Please copy the last part of the entries exactly: the line that has "Some of the words" and every line up to and including the end, nothing more.

● ● ● ● ●

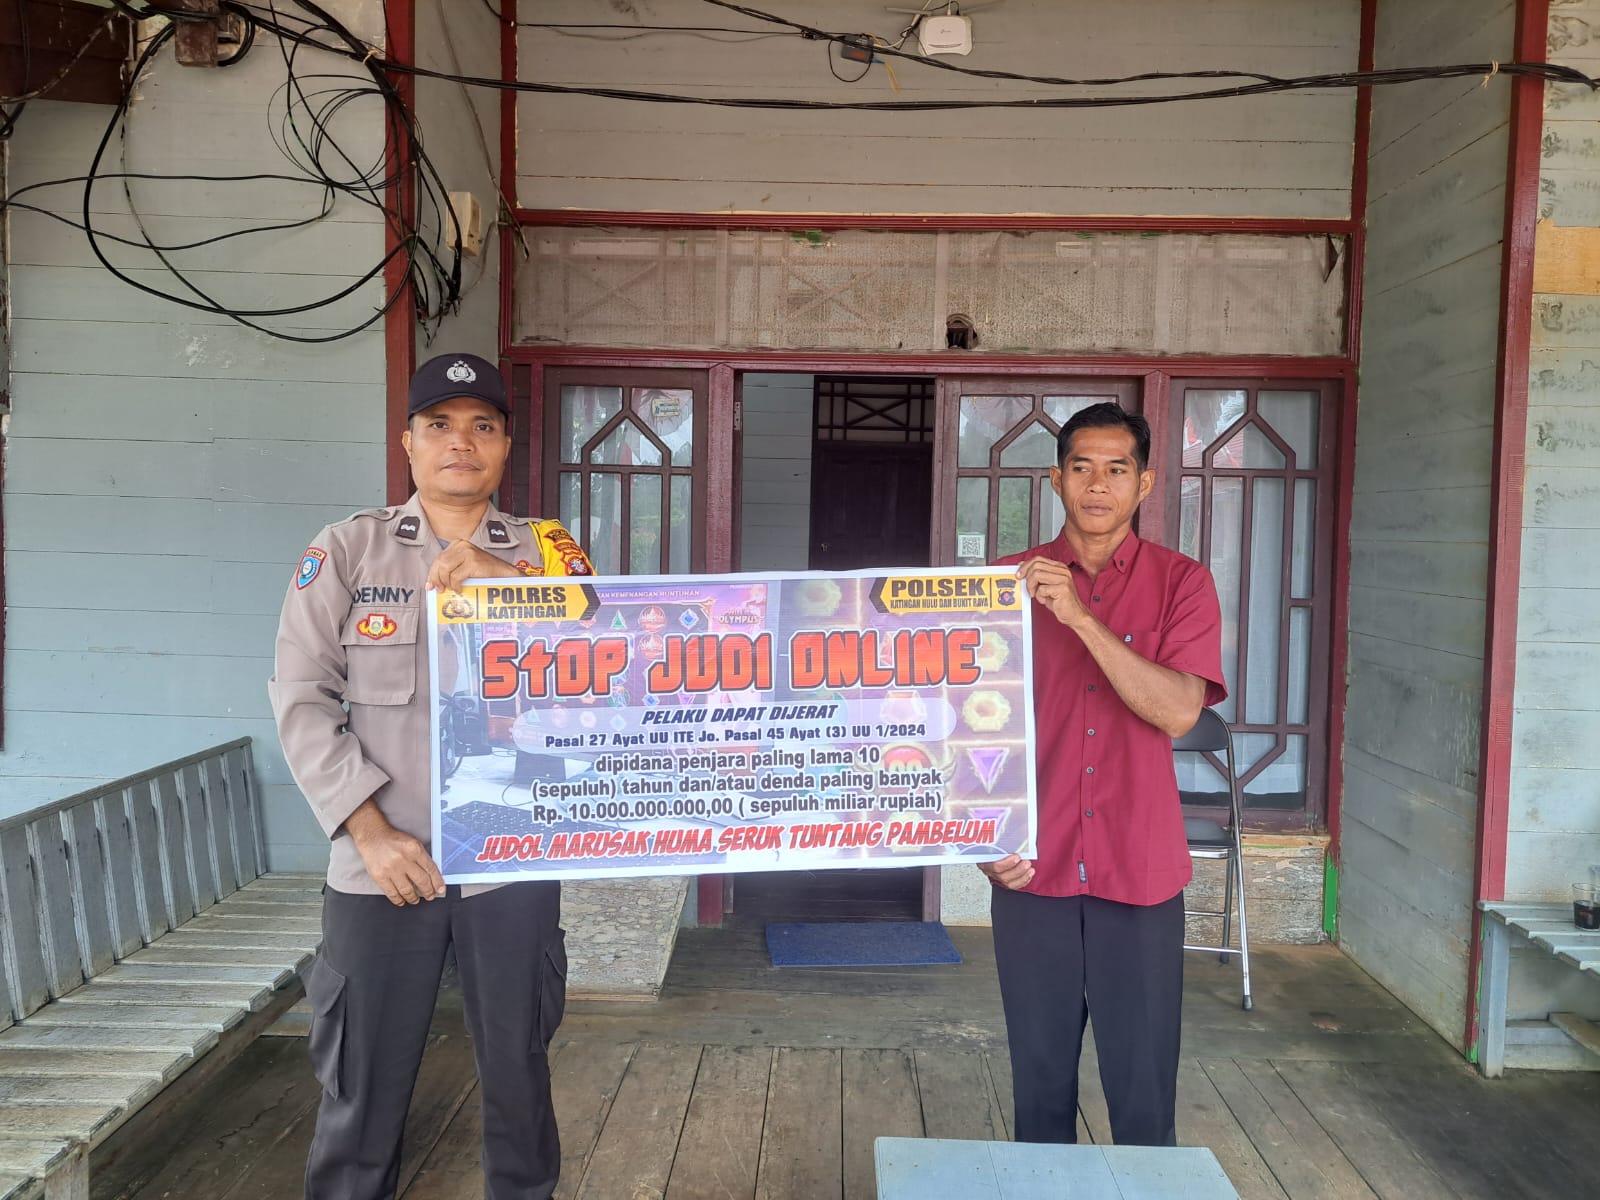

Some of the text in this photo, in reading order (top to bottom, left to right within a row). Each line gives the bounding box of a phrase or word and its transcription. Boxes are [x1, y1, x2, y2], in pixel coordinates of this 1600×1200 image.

[353, 587, 414, 603] DENNY
[487, 586, 566, 604] POLRES
[891, 578, 985, 598] POLSEK
[487, 604, 566, 619] KATINGAN
[890, 600, 920, 609] KATINGAN
[922, 599, 938, 608] HULU
[953, 598, 972, 608] BUKIT
[718, 615, 760, 624] OLYMPUS
[649, 632, 772, 694] JUDI
[790, 628, 981, 690] ONLINE
[642, 704, 838, 725] PELAKU DAPAT DIJERAT
[545, 724, 926, 748] Pasal 27 Ayat UU ITE Jo. Pasal 45 Ayat (3) UU 1/2024
[596, 746, 880, 775] dipidana penjara paling lama 10
[532, 768, 942, 803] (sepuluh) tahun dan/atau denda paling banyak
[533, 806, 563, 824] Rp.
[568, 798, 733, 820] 10.000.000.000,00
[750, 795, 820, 816] sepuluh
[824, 793, 875, 810] miliar
[880, 792, 942, 812] rupiah)
[477, 818, 998, 863] JUDOL MARUSAK HUMA SERUK TUNTANG PAMBELUM
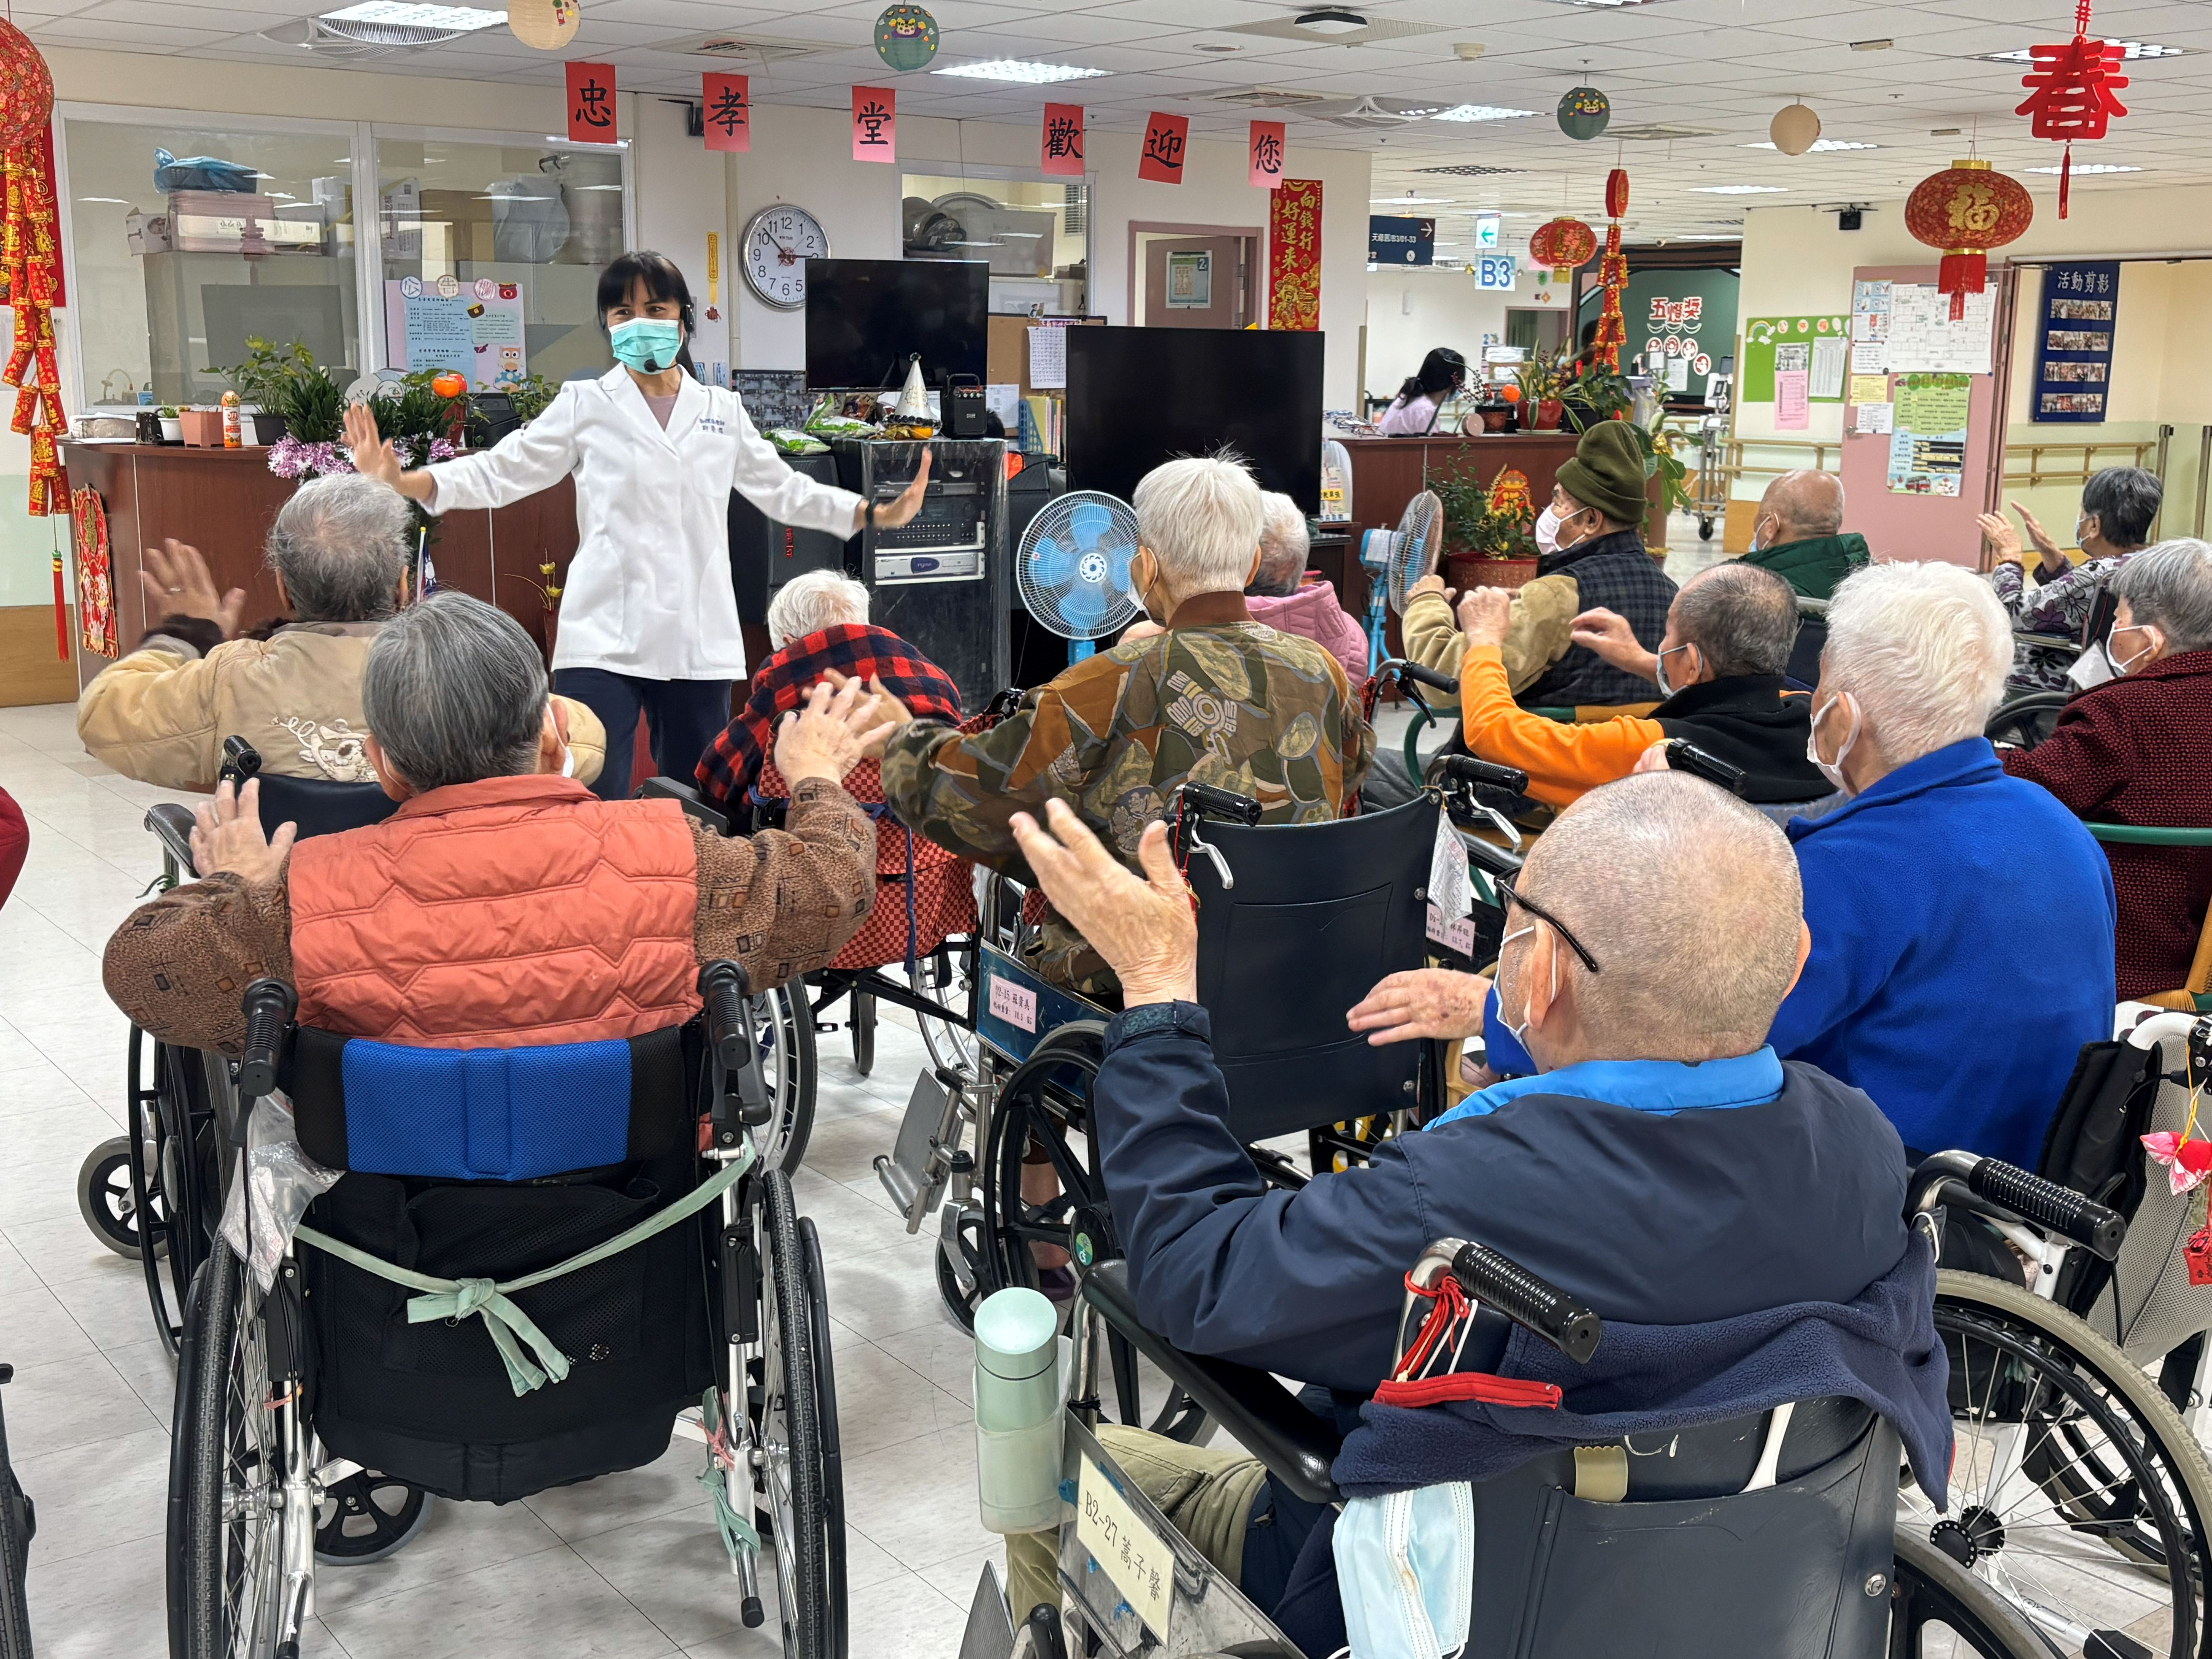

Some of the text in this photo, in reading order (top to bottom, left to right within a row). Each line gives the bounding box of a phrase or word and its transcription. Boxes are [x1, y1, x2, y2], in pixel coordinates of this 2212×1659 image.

[2015, 36, 2129, 140] 春
[575, 79, 1281, 174] 忠 孝 堂 歡 迎 您
[1944, 182, 2001, 231] 福
[781, 217, 792, 230] 12
[1298, 190, 1316, 251] 向錢行
[769, 221, 777, 234] 11
[799, 223, 803, 235] 1
[757, 232, 770, 245] 10
[807, 236, 814, 248] 2
[753, 249, 761, 261] 9
[1199, 258, 1205, 270] 2
[758, 265, 766, 278] 8
[1481, 259, 1510, 287] B3
[769, 278, 776, 290] 7
[795, 280, 803, 292] 5
[2057, 271, 2110, 294] 活動剪影
[782, 283, 790, 296] 6
[1085, 1490, 1117, 1547] B2-27
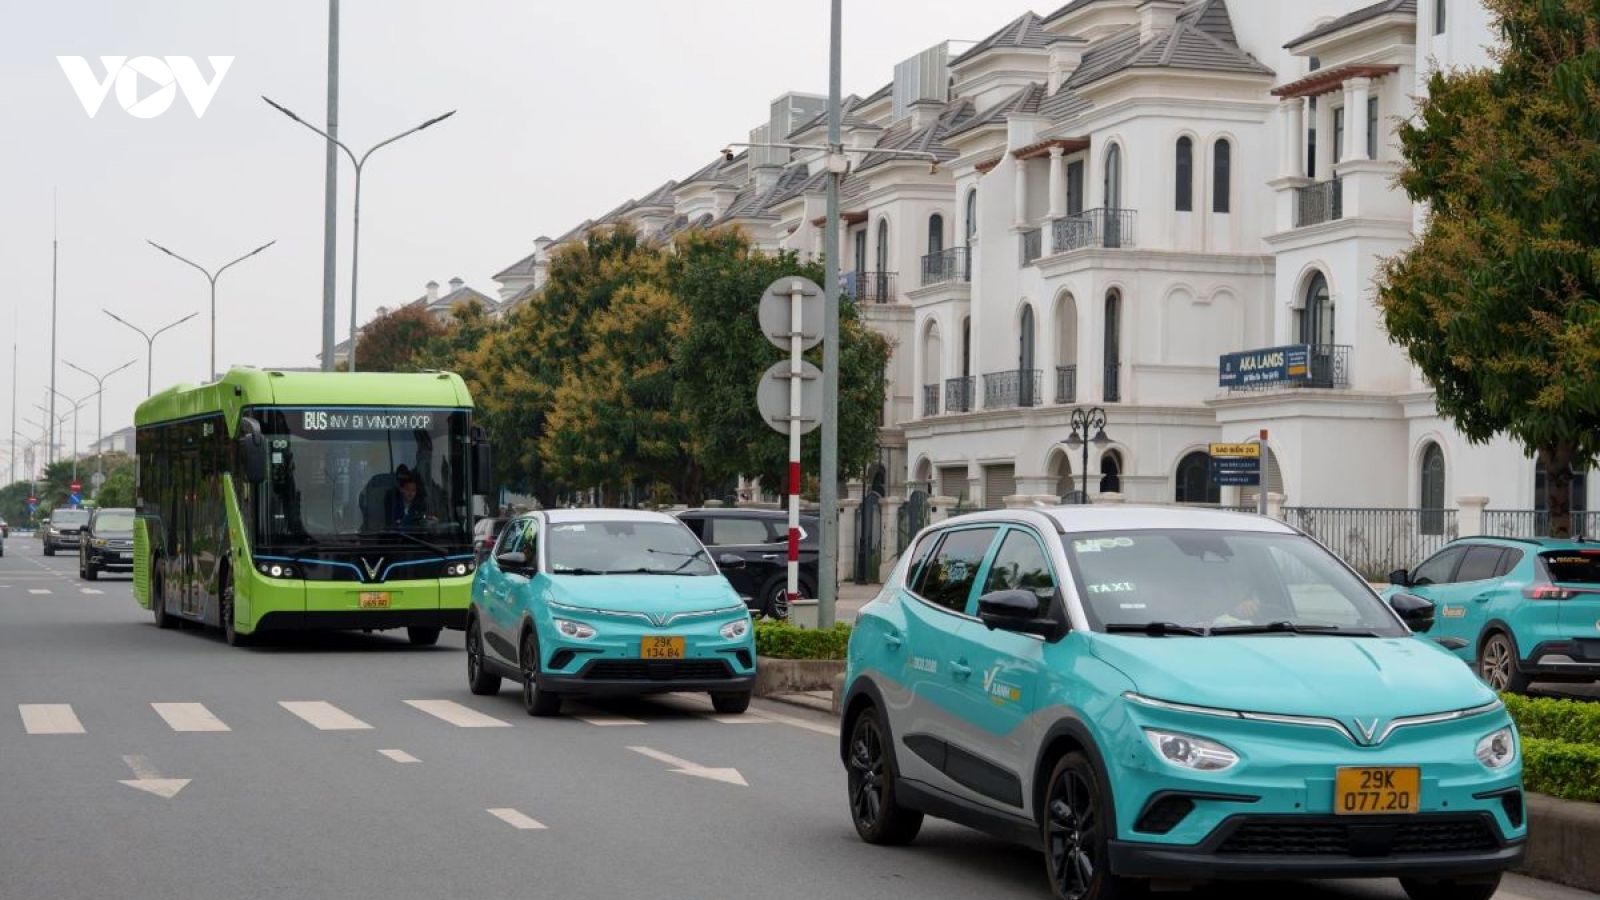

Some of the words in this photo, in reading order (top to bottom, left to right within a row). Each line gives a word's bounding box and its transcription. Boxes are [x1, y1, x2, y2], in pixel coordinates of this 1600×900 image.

[1240, 356, 1256, 372] AKA
[1257, 351, 1284, 369] LANDS
[304, 411, 328, 430] BUS
[366, 415, 408, 429] VINCOM
[1088, 582, 1134, 593] TAXI
[653, 636, 673, 647] 29K
[1360, 770, 1395, 789] 29K
[1344, 791, 1409, 811] 077.20

● ● ● ● ●

— OUTPUT FOR THIS EXERCISE —
Some of the words in this photo, in reading order (top to bottom, left to right within a row). Each line gives a word's bounding box and its transcription. Boxes are [x1, y1, x2, y2], in pixel coordinates of this 1600×900 image.

[1240, 356, 1256, 372] AKA
[1257, 351, 1284, 369] LANDS
[304, 411, 328, 430] BUS
[366, 415, 408, 429] VINCOM
[1088, 582, 1134, 593] TAXI
[653, 636, 673, 647] 29K
[1360, 770, 1395, 789] 29K
[1344, 791, 1409, 811] 077.20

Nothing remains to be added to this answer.